Key Supreme Court Decisions Affecting Title VII in 2013
The Supreme Court finished its 2013 term weighing in on two cases relating to Title VII, the principal federal anti-discrimination law. Both cases heighten the burden for Plaintiffs in bringing and prevailing in employment discrimination cases. The Court heightened the evidentiary burden for Plaintiffs bringing retaliation claims and narrowed the definition of “supervisor” for Plaintiffs asserting claims in Title VII harassment suits.
The bar for Plaintiffs to prevail in a Title VII case alleging retaliation is raised under Title VII
In University of Texas Southwestern Medical Center v. Nassar, Naiel Nassar, a physician of Middle Eastern descent, alleged that his supervisor’s racially and religiously motivated harassment resulted in his constructive discharge from the University.1 He also claimed that the University retaliated against him for complaining about his supervisor because a job offer from Parkland Memorial Hospital was rescinded after the University protested.2
The legal question before the Court in Nassar was whether the causation standard to establish liability for a Title VII retaliation claim is the lesser “motivating factor” or the heightened “but-for” causation standard. If the motivating factor standard was used, it would be sufficient for Nassar to show that the motive to discriminate was one of the employer’s motives, even if the employer also had other lawful motives for the decision. However, if the “but for” causation standard was used, Nassar must prove that the desire to retaliate was the “but-for” or determinative cause of the challenged employment action (retaliation).

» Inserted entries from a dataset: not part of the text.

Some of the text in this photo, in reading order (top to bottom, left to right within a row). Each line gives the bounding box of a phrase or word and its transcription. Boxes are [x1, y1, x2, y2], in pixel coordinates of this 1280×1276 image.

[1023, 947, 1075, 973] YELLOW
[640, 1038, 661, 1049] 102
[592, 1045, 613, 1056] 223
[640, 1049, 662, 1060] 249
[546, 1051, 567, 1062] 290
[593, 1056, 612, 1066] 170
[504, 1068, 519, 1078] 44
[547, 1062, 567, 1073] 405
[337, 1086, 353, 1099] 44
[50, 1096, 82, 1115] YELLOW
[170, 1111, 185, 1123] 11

The Court held that the proper causation standard in Title VII retaliation cases is the heightened “but-for” standard after analyzing Congress’ intent and an extensive textual analysis of Title VII of the Civil Rights Act. In addition, Justice Kennedy, writing for the majority, opined that applying the lesser “motivating factor” test would have the undesirable consequence of contributing to the filing of frivolous claims which tax employers, administrative agencies and courts. Justice Kennedy highlighted the high number of EEOC retaliation claims and a need to curtail them. He stated that “the number of these claims filed with the EEOC has nearly doubled in the past 15 years-from just over 16,000 [claims] in 1997 to over 31,000 [claims] in 2012.”3
Writing the dissent, Justice Ginsburg said “the tougher “but-for causation standard” that the court was adopting for retaliation cases would undercut efforts to fight employment discrimination.”4 She also warned “that juries would be confused in hearing cases in which employment discrimination claims would be judged by one standard and the related retaliation claims by a tougher standard.”5
Practical Application: This decision is pro-business and seeks to rein in the high number of retaliation claims under Title VII by raising the evidentiary burden for would be Plaintiffs. From the defendant’s perspective this decision likely improves employer odds of dismissing employee retaliation claims under Title VII early in the litigation process at the summary judgment stage.

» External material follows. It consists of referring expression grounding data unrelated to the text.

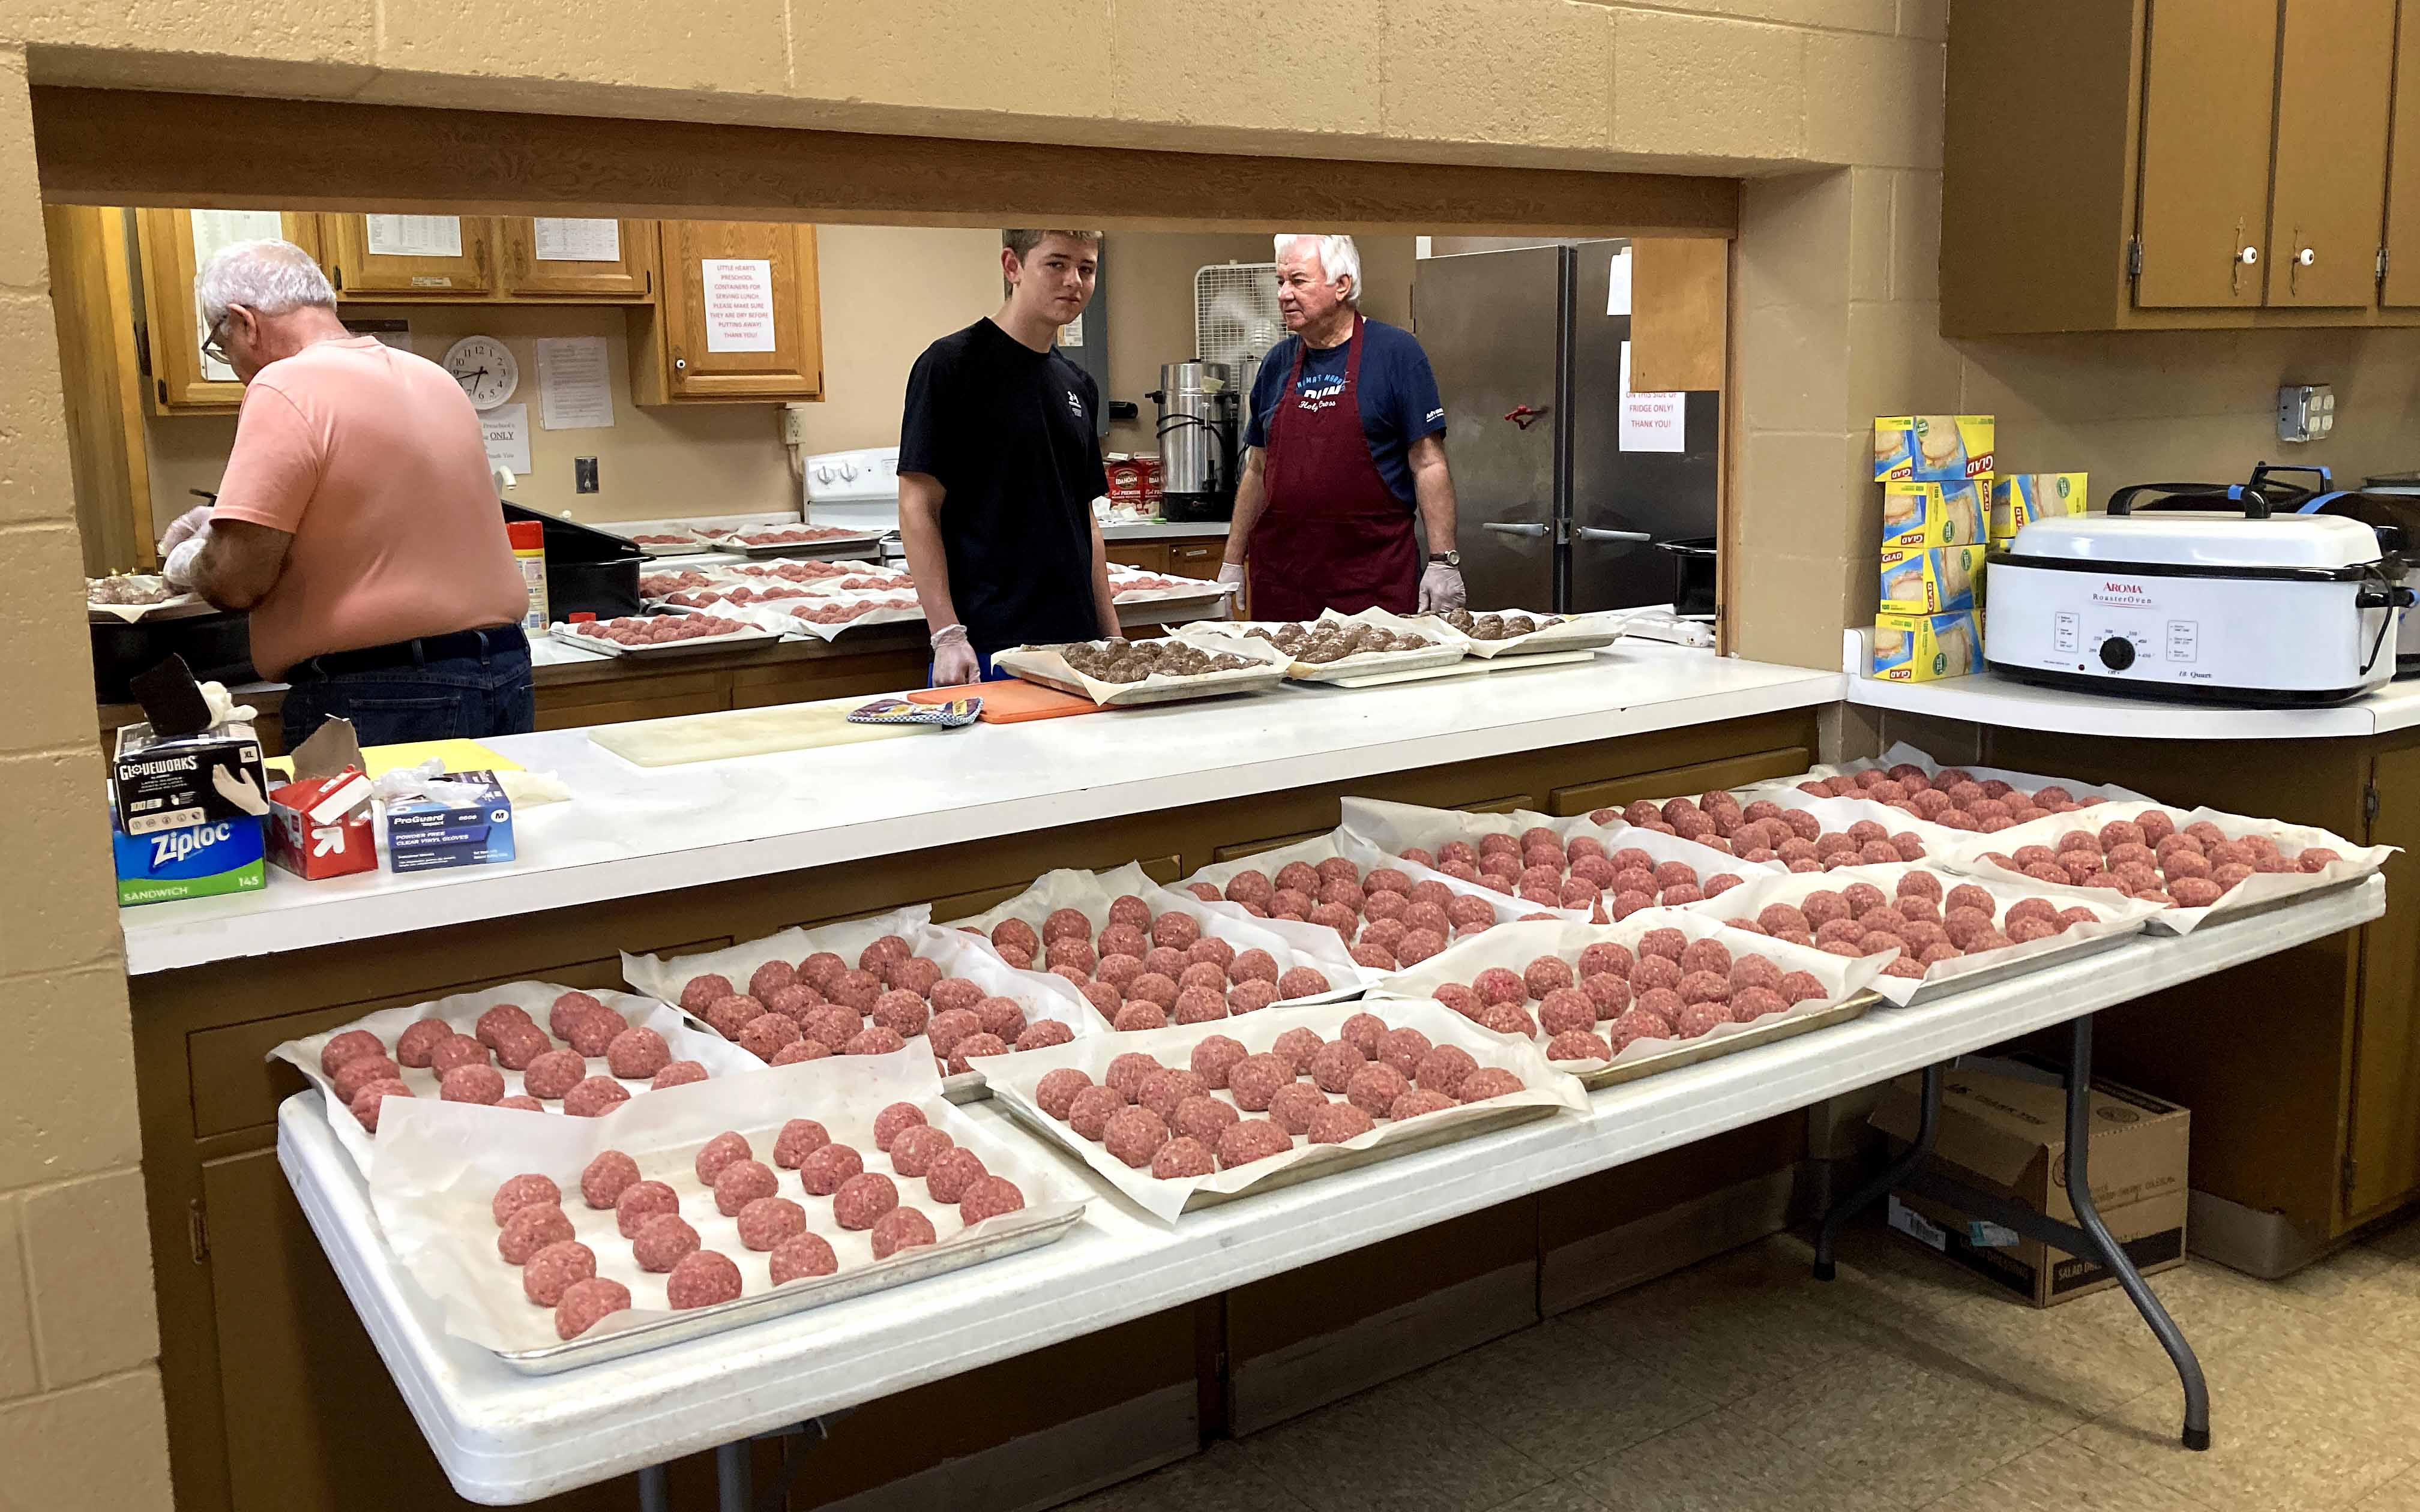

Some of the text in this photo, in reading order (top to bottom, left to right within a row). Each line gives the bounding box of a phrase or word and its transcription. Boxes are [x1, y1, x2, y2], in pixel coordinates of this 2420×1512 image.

[464, 349, 471, 358] 11
[475, 346, 484, 355] 12
[497, 357, 503, 365] 2
[501, 368, 506, 377] 3
[478, 391, 484, 400] 6
[1298, 401, 1319, 412] Holy
[1629, 404, 1674, 413] FRIDGE ONLY!
[490, 431, 514, 440] ONLY
[1967, 455, 1993, 474] GLAD
[1892, 468, 1911, 478] GLAD
[1115, 476, 1137, 485] IDAHOAN
[1901, 535, 1923, 543] GLAD
[1882, 552, 1903, 562] GLAD
[2103, 581, 2143, 593] AROMA
[1891, 670, 1910, 679] GLAD
[119, 755, 199, 781] GLOVEWORKS
[394, 814, 445, 825] ProGuard
[151, 823, 230, 866] Ziploc
[239, 875, 259, 887] 145
[124, 886, 188, 902] SANDWICH

The E.E.O.C. definition of supervisor is eschewed for a narrow, precise definition
In Vance v. Ball State University, 570 U.S.___ (2013) Maetta Vance, an African-American catering assistant, sued her employer, Ball State University, alleging that a fellow employee, Davis, created a racially hostile work environment. Vance complained that Davis “gave her a hard time at work by glaring at her, slamming pots and pans around her, and intimidating her,6 among other things, based on her race. The parties do not dispute that Davis did not have the power to hire, fire, demote, promote, transfer or discipline Vance.
The legal question before the Court in Vance was who qualifies as a “supervisor” in a case alleging a Title VII claim for workplace harassment? There were two differing definitions of the term “supervisor” presented by the parties. One definition, set out in the EEOC Enforcement Guidance “ties supervisor status to the ability to exercise significant direction over another’s daily work.”7
The Court rejected the definition of “supervisor” presented in the EEOC Enforcement guidance and held that an employee is a “supervisor” for purposes of vicarious liability (employer responsibility for a supervisor’s actions) under Title VII if he or she is empowered by the employer to take tangible employment actions against the victim.8 The Court explained, the “definition of ‘supervisor’ that we adopt today, the question of supervisor status, when contested, can very often be resolved as a matter of law before trial.”9 The Court further stated, “Perhaps even more important, the work of the jury, which is inevitably complicated in employment discrimination cases, will be simplified.”10 The Court elaborated, “by simplifying the process of determining who is a supervisor (and by extension, which liability rules apply to a given set of facts), the approach that we take will help to ensure that juries return verdicts that reflect the application of the correct legal rules to the facts.”11 Justice Ginsburg cautioned that the majority opinion “is blind to the realities of the workplace.” She wrote “that it is not easy for an employee to tell a harassing supervisor to “buzz off” even when the supervisor does not have the power to fire or demote.”
Practical Application: This decision develops a bright-line rule defining “supervisor” which will have the likely effect of lessening the amount of litigation or dispose of it at early stages of litigation. In addition, the decision highlights that employers will likely succeed in defending against employment claims where they maintain anti-harassment policies and conduct workplace investigations resulting from employee complaints.